Work request> Would you set down the data that follows, word for word, without any pictures?

_ _ _ _ _ _ _

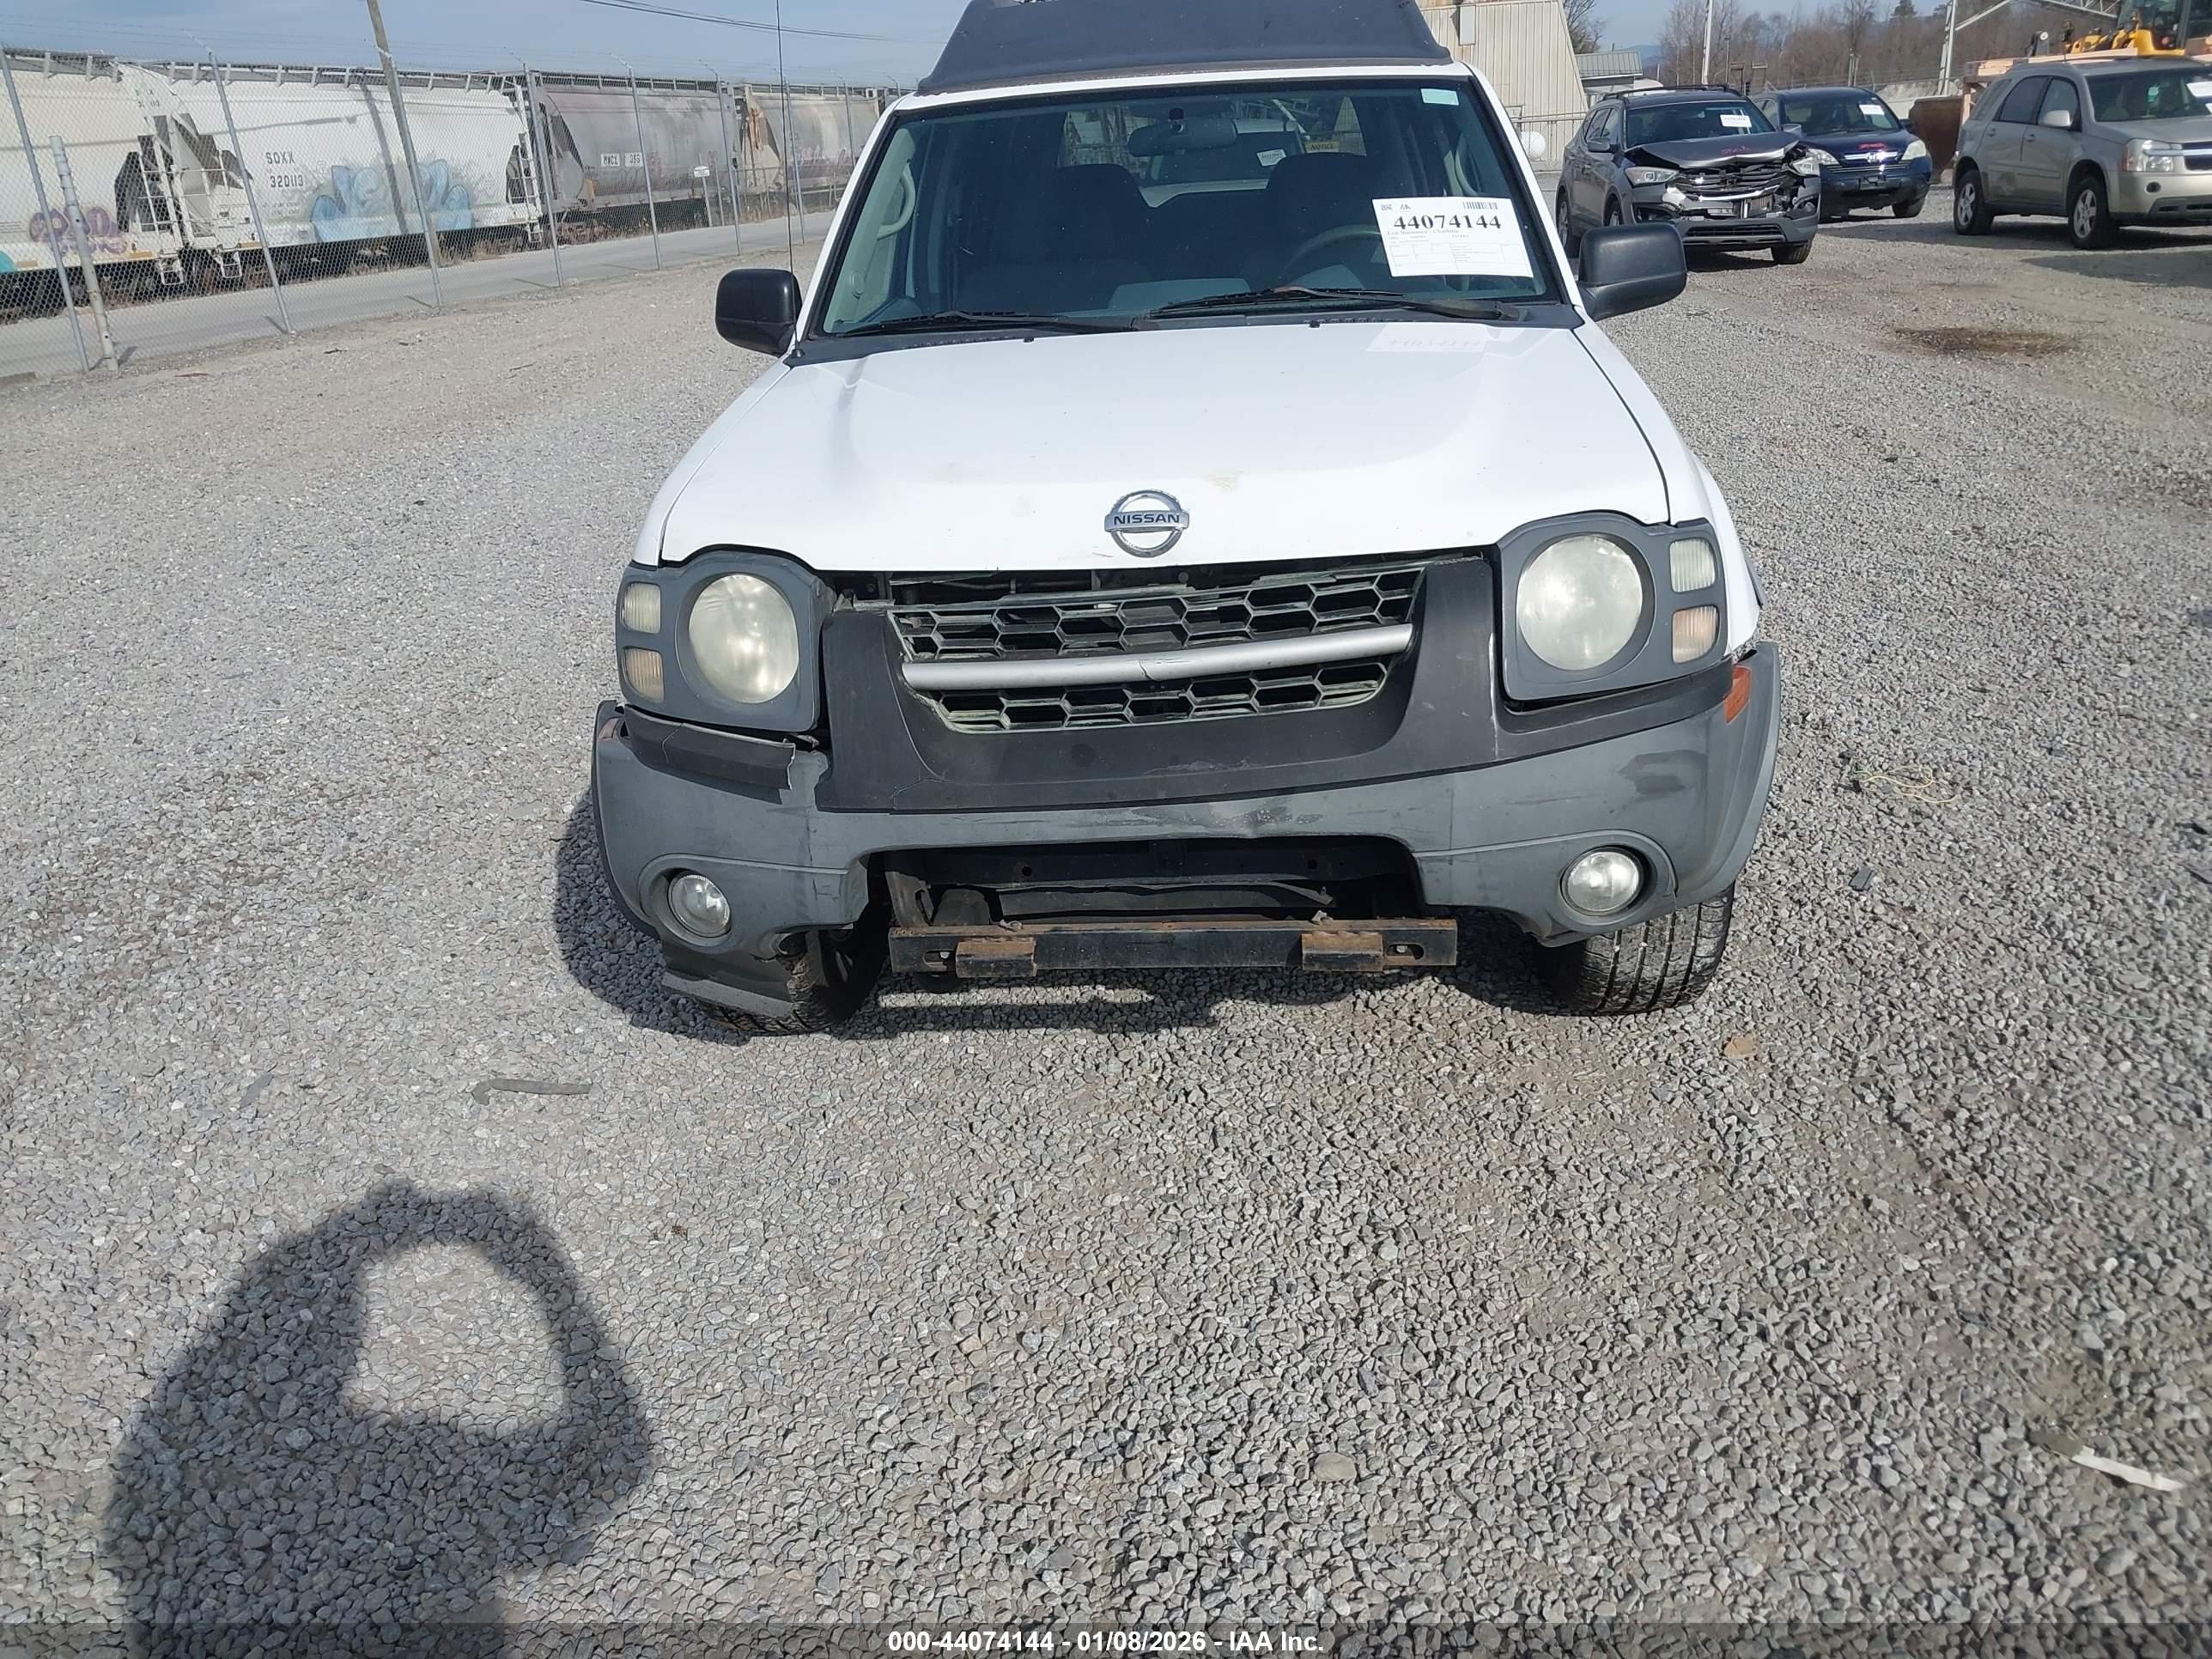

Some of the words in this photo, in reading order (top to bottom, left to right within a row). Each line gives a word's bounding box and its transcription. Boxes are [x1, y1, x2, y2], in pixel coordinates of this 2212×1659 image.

[265, 150, 295, 165] SOXX
[270, 174, 304, 187] 320113
[1394, 215, 1502, 229] 44074144
[1114, 514, 1180, 525] NISSAN

_ _ _ _ _ _ _

Written answer>
Some of the words in this photo, in reading order (top to bottom, left to right within a row). Each line gives a word's bounding box and its transcription. Boxes are [x1, y1, x2, y2], in pixel coordinates of this 2212×1659 image.

[265, 150, 295, 165] SOXX
[270, 174, 304, 187] 320113
[1394, 215, 1502, 229] 44074144
[1114, 514, 1180, 525] NISSAN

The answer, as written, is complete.